In May 2014, Burundi became the third country in the African Great Lakes Region to implement the internationally accepted iTSCi due diligence and mineral traceability system. iTSCi will be expanded to cover the country’s production and trade of tin, tantalum, and tungsten (often referred to as the ‘3Ts’). It is an important milestone for ‘conflict-free’ sourcing from Central Africa and will expand volumes of conflict-free, legal, and traceable 3T materials that are available to international manufacturers. 

The production and trade of the 3Ts and gold have come under international scrutiny in recent years as the link between minerals and conflict in eastern Democratic Republic of Congo (DRC) has been the subject of research and reports by a range of international NGOs and the UN. As a result of these concerns, the US Congress enacted regulations that require all US publicly-traded companies to carry out due diligence on their mineral supply chains to ensure that any minerals they purchase are neither produced by force nor contribute to financing conflict. These regulations make supply chain due diligence imperative for companies wishing to trade with US-listed companies.

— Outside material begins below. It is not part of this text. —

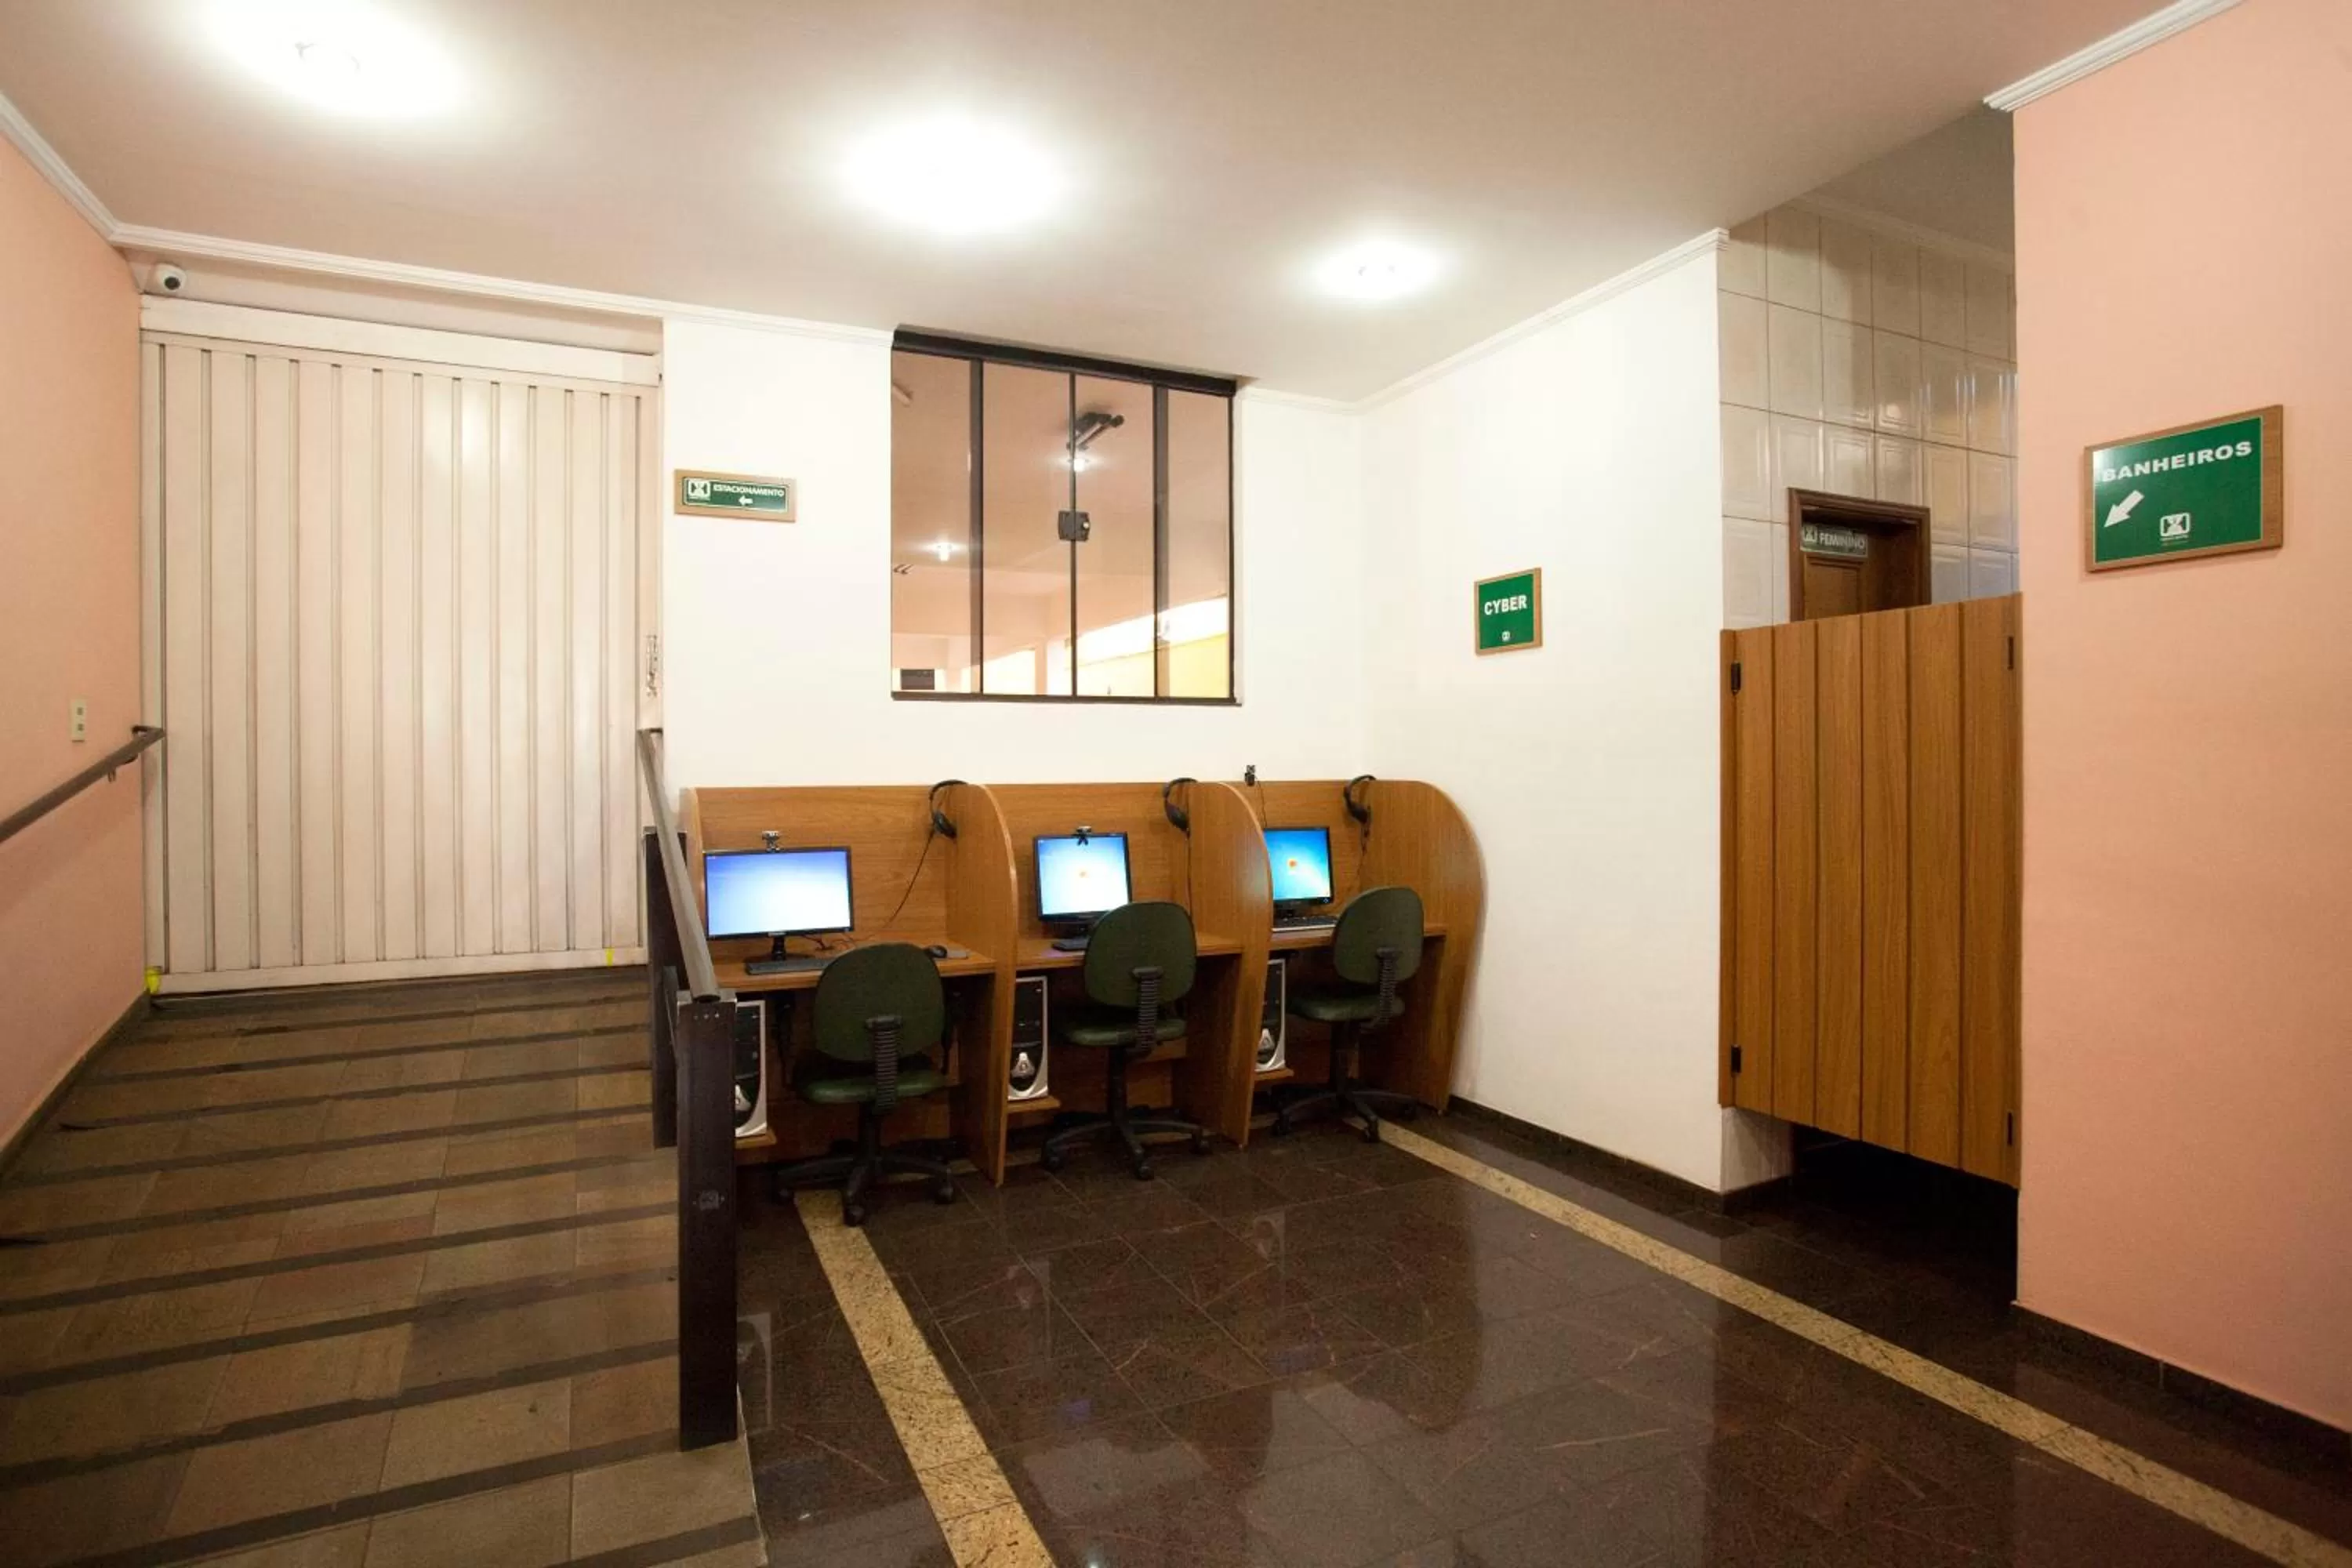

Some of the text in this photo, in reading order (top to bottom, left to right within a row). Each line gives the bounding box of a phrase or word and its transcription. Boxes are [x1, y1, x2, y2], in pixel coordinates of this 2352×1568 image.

[2101, 441, 2252, 482] BANHEIROS
[713, 484, 785, 497] ESTACIONAMENTO
[1484, 594, 1528, 615] CYBER

"Starting iTSCi in Burundi is a key milestone which will considerably strengthen the regional dynamics of traceability and due diligence of 3Ts minerals in the great lakes region, providing an opportunity for development and stability across the area," said Yves Bawa, iTSCi Regional Program Manager, Director of Pact’s country office in DRC, and a Congolese development professional who is leading iTSCi’s implementation in Burundi.

As a signal of its importance to Burundi, Mr. Come Manirakiza, Burundi’s National Minister of Energy and Mines, and various key stakeholders from the mining sector attended the launch of the system at an event in Bujumbura. The country knows that iTSCi’s traceability and monitoring systems will assure international buyers that its mining sector is ‘conflict free’, meeting the high expectations of consumers, as in other locations where it is already established.

iTSCi in Burundi and Pact are also working with the World Bank to expand financial transparency in the country’s mining sector and to test a system that tracks taxes and revenues from the country’s artisanal mining sector to maximize tax income to the State and to minimize illegal taxation of miners. For this goal, the World Bank is funding a complementary project that is working with iTSCi in Burundi. These funds will contribute to mine site baselines, capacity building of Ministry of Energy and Mines staff, and a feasibility study on tracking production and revenue data to improve mining sector governance.